Table 11 Experimental factor values example. The Characteristics categories used in column headings (i.e., the terms in square brackets) are taken from the MGED Ontology "BioMaterialCharacteristics" class [26]. The values contained in the body of these columns may be either free text, or terms from an ontology as indicated by an "OI" tag in the column heading (relating to the MAGEv2 concept "OntologyIndividual"). For example, the "OI:nci_meta" tag indicates that terms are taken from the NCI Metathesaurus [27]. The sources for these database tags ("nci_meta", "CTO") are defined in the IDF, as shown in Table 3. Biological replicates are indicated by shared experimental factor values ("Time" in this example; the columns containing experimental factors would be specified in the accompanying IDF). Most of the protocols have been omitted for brevity. Please see the detailed MAGE-TAB specification document [22] for more information.

Applications of MAGE-TAB

MAGE-TAB can be used in either of two ways:

  1. 1.

    Creating MAGE-TAB documents using spreadsheet templates provided in the main specification document [22] or creating them 'from scratch';

  2. 2.

    Developing MAGE-TAB export or import functionality for microarray databases or tools.

Details of the second use depend on the particular structure of the database or tool; as this is mostly aimed at software developers and professional bioinformaticians it will not be discussed here. The first approach may be used by biologists to keep track of data, to submit the data to either public or private repositories, or to exchange data. Use of existing template SDRF documents can simplify this approach.

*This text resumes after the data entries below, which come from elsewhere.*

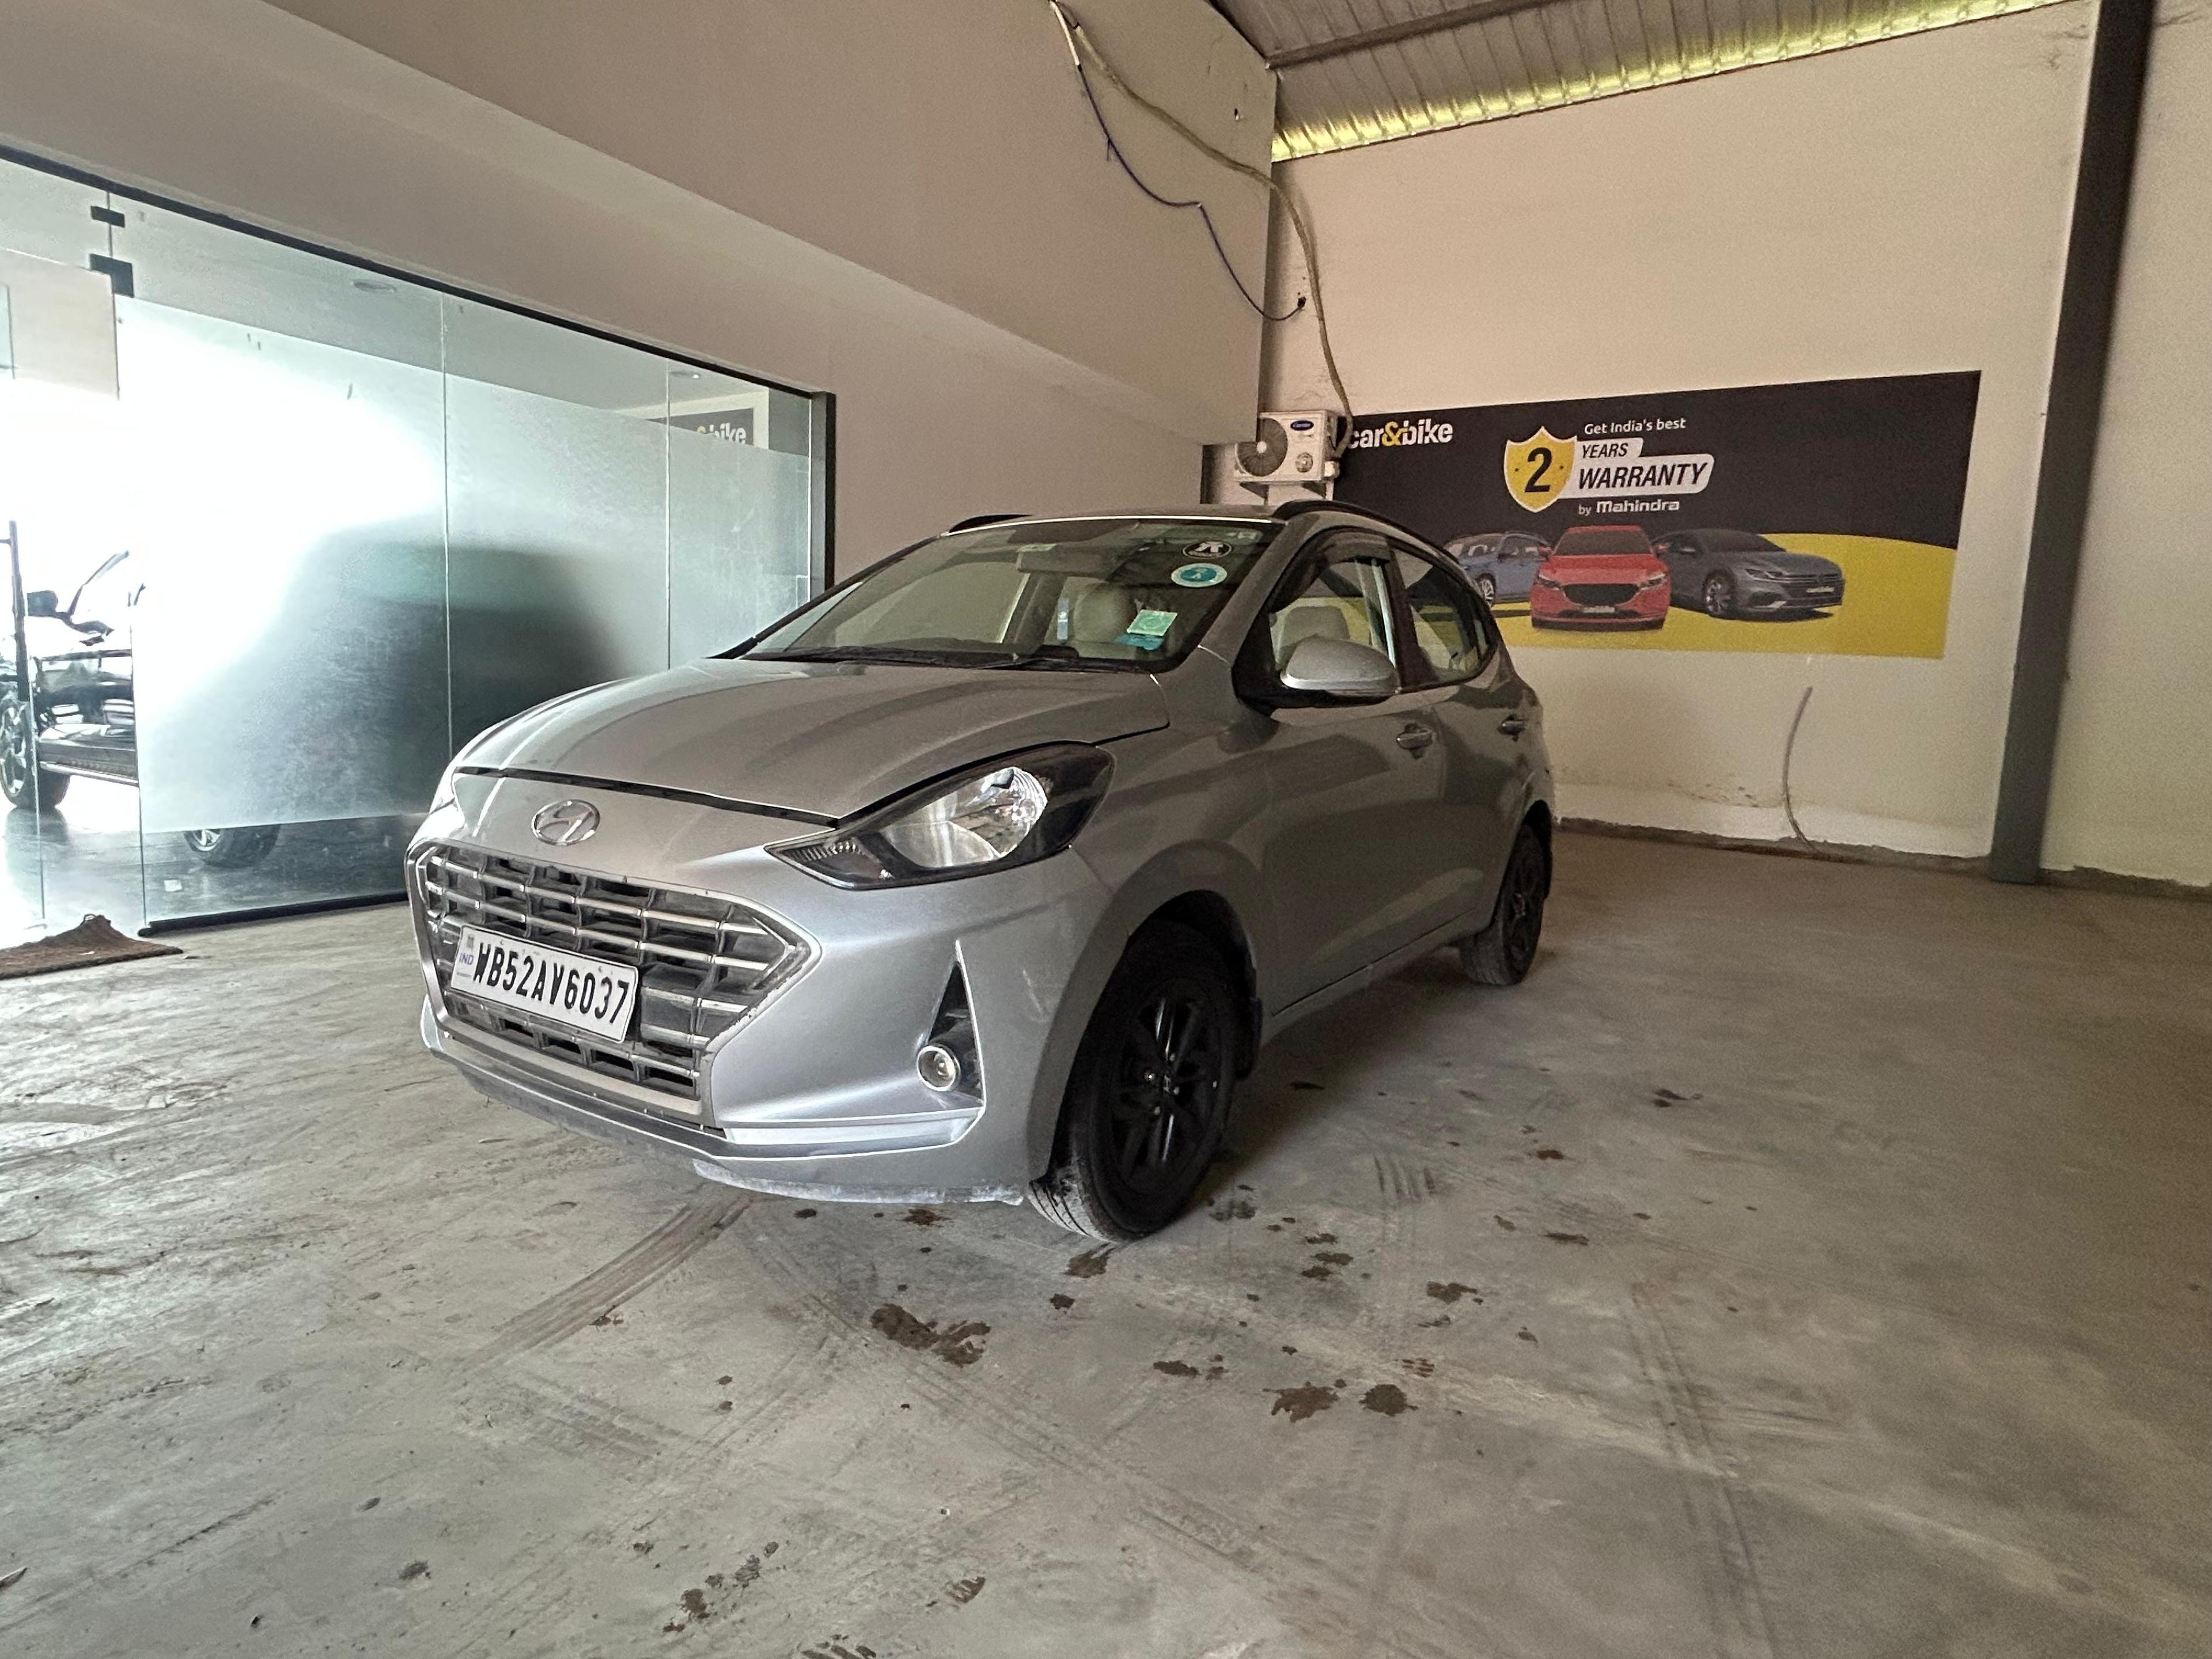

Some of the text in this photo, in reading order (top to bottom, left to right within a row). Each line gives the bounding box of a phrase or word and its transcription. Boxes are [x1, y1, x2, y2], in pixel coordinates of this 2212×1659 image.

[1347, 418, 1453, 449] car&bike
[1584, 418, 1687, 434] Get India's best
[1582, 442, 1629, 459] YEARS
[1524, 447, 1552, 493] 2
[1578, 463, 1708, 490] WARRANTY
[1578, 499, 1680, 516] by Mahindra
[459, 952, 474, 965] IND

The MAGE-TAB specification document provides templates for several 'standard' experimental designs for one- and two-channel investigations including:

  1. 1.

    simple replicated design;

  2. 2.

    replicated design with technical replicates;

  3. 3.

    replicated design with pooling;

  4. 4.

    replicated designs for dual channel investigations;

  5. 5.

    dual channel replicated designs with dye swap;

  6. 6.

    dual channel replicated designs with a reference sample;

  7. 7.

    dual channel replicated design with a reference and dye swap;

  8. 8.

    dual channel replicated design with a pooled reference;

  9. 9.

    loop design;

  10. 10.

    loop design with dye swap;

  11. 11.

    time series investigations.

This list is by no means exhaustive; in fact, MAGE-TAB does not prescribe any particular investigation design. Rather, the purpose of this template collection is to help users to create an SDRF file for their particular design. IDF and ADF files are quite straightforward to create; moreover, for experiments that are done on standard arrays, such as Affymetrix or Agilent, biologists do not need to create the ADF files, as they are provided by the manufacturers and public databases.

Conclusion

MAGE-TAB is designed to serve as a format for data collection, presentation, and communication. Some may argue that the data communication format should be separated from the collection and presentation format, on the grounds that the data communication format is designed solely for computers, whereas data collection and presentation depend upon human-computer interactions. This convention has been used in MAGE-ML with some success. However, the separation of these formats can only work well if there are good tools to interconvert the data collection and communication formats. Because tool development has proven to be expensive and time consuming, a format that is simple enough to be usable without any specialized tools is needed at present. MAGE-TAB serves as such a format.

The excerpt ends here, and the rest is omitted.